The international name of the disease is a neurodegenerative disease with the deposition of iron in the brain.

At the heart of the disease is the genetic mutation of the gene, which is responsible for the exchange of iron in the body. With a broken metabolism, iron begins to accumulate in certain structures of the brain: these are basal ganglia (pallid sphere, black substance and red nuclei) that enter the extrapyramidal system. The mutation in the gene is transmitted by an autosomal recessive type, so both parents must be carriers of the anomaly so that the disease manifests itself in the offspring. The disease of Gallervorden-Spartz is very rare in the population, which is explained by the inheritance features.

Extrapyramidal system is responsible for maintaining the human posture, muscle tone, complex targeted movements (writing, driving, etc.). If any structures within this system are affected, extrapyramidal disorders appear.

Symptoms

Grimacing is one of the symptoms of this disease.

In the clinical course of the disease, two forms are distinguished: classical and atypical.

1. Classical form.

The debut of the disease falls on the age of 3-6 years. The first symptom to which parents and others pay attention is a violation of walking. Disturbance of walking occurs against the background of changes in muscle tone, the appearance of stiffness (stiffness) of the muscles. In the future, sweeping, disorderly, jerky movements join, which can be different in amplitude and intensity - the choreic movements. Choreic movements can affect any part of the body. They are manifested by grimacing, chaotic popping out of the tongue, licking lips, waving arms or legs, dancing gait, etc. Man can not control movement. Another type of movement disorder is athetoid movement, which affects primarily the hands and feet. The fingers and toes perform slow, stereotyped "worm-like" movements that are beyond the control of the patient.

In some patients, movements slow down, there is trembling in the hands, feet, and tongue.

The classical form is characterized by the appearance of an oromandibular dystonia, which leads to speech disturbance, swallowing and constant biting of the tongue. Oromandibular dystonia is clinically manifested by violent excess movements of the masticatory muscles, muscles of the mouth. The person constantly makes chewing movements or opening of a mouth, maybe, on the contrary - tightening of jaws and a dense compression of lips.

Disease in the literature. Here one can not help but recall the charming folk, the "munch" from the cycle of children's novels A. Volkova about the girl Ellie and her dog Totoshka.

Almost always, retinal damage occurs, which is manifested by loss of visual fields, the appearance of blindness at night.

Memory impairment, attention may be of varying degrees of severity. The classical form of the disease proceeds wavy: the periods of progression are followed by periods of remission, but the general deterioration in the state comes quickly.

1. Atypical form.

The debut of the disease occurs at a later age (up to 30 years). For the atypical form, a slow progression of the condition is characteristic. The first symptoms include a speech violation by the type of echolalia - the repetition of other people's words, which a person does not control. There is a violation of pronunciation of sounds and words - dysarthria. The sense of balance is lost in the standing position. At later stages of the illness, mental disorders are added in the form of aggression, depression.
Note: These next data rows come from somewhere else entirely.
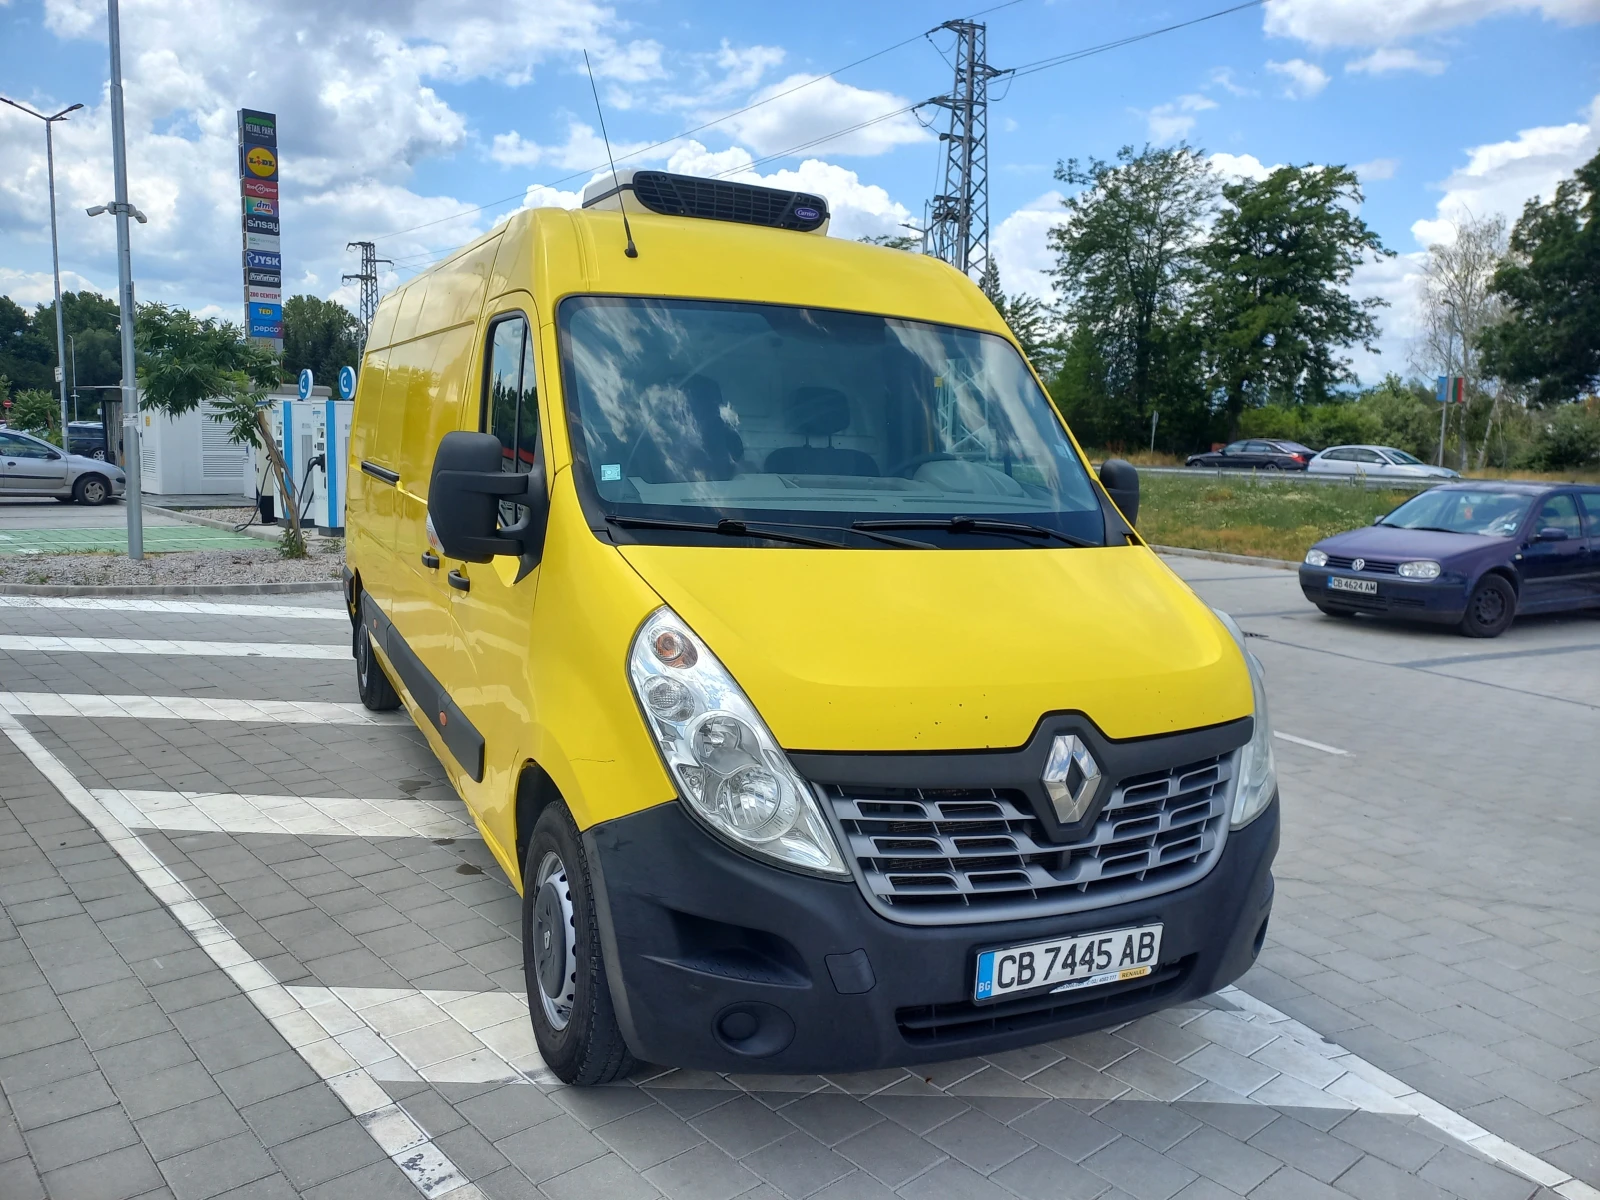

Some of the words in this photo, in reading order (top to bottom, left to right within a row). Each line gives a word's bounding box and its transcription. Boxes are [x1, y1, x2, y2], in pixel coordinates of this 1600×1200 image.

[245, 123, 261, 134] RETAIL
[261, 126, 274, 136] PARK
[248, 156, 274, 167] LIDL
[256, 200, 271, 210] dm
[797, 209, 817, 218] Carrier
[253, 255, 280, 266] JYSK
[253, 325, 279, 333] pepco
[1333, 578, 1343, 588] CB
[1344, 580, 1363, 590] 4624
[1364, 582, 1376, 592] AM
[997, 951, 1036, 989] CB
[1042, 938, 1113, 982] 7445
[1118, 931, 1155, 967] AB
[1121, 968, 1147, 979] RENAULT
[978, 982, 991, 992] BG
Virtually all patients have decreased intelligence.

Diagnostics

The clinical picture of Gallervorden-Spatz disease is very diverse in its manifestations, so the diagnosis of the disease is some difficulties.
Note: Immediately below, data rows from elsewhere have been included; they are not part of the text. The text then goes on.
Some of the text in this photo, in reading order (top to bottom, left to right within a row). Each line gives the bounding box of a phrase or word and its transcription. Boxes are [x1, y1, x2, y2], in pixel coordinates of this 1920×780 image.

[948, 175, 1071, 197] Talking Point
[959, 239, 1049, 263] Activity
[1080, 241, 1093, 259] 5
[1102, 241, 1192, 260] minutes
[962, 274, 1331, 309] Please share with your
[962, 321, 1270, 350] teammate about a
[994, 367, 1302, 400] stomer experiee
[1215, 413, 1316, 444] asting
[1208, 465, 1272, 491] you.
Diagnostic measures include the following items:

1. Neurologic examination, in which a neurologist identifies the symptoms characteristic of extrapyramidal disorders.
2. MRI diagnostics reveals specific changes in subcortical structures that call the eye of the tiger - iron accumulation in the ganglia, and allows the elimination of another organic pathology.
3. Inspection of the ophthalmologist for the detection of pigmentary degeneration of the retina.
4. Consultation of a geneticist and DNA diagnostics to identify mutations in the gene.

Treatment

Treatment is exclusively symptomatic and is prescribed to the patient, taking into account the individual characteristics of the course of his illness.

Specific treatment does not exist. All treatment measures are aimed at alleviating the symptoms of the disease.

1. Anticonvulsants (Depakin, Konvuleks, etc.) are appointed to remove hyperkinesis - excess movements.
2. Miorelaxants (Baclosan, Midokalm, etc.) are used to reduce stiffness of the muscles.
3. Neuroleptics (clonazepam) and antidepressants (Citalopram) - with mental disorders.
4. Correction of cognitive disorders (Gliatilin, Cogitum, etc.).
5. Vasoactive drugs (Vinpocetin and others) improve metabolic processes in the brain.
6. Nootropics (Pantogam, Pyracetam, etc.) stimulate the work of nerve cells.

Symptomatic therapy allows to maintain the relative quality of human life for several years. Full disability occurs after 10 years or more.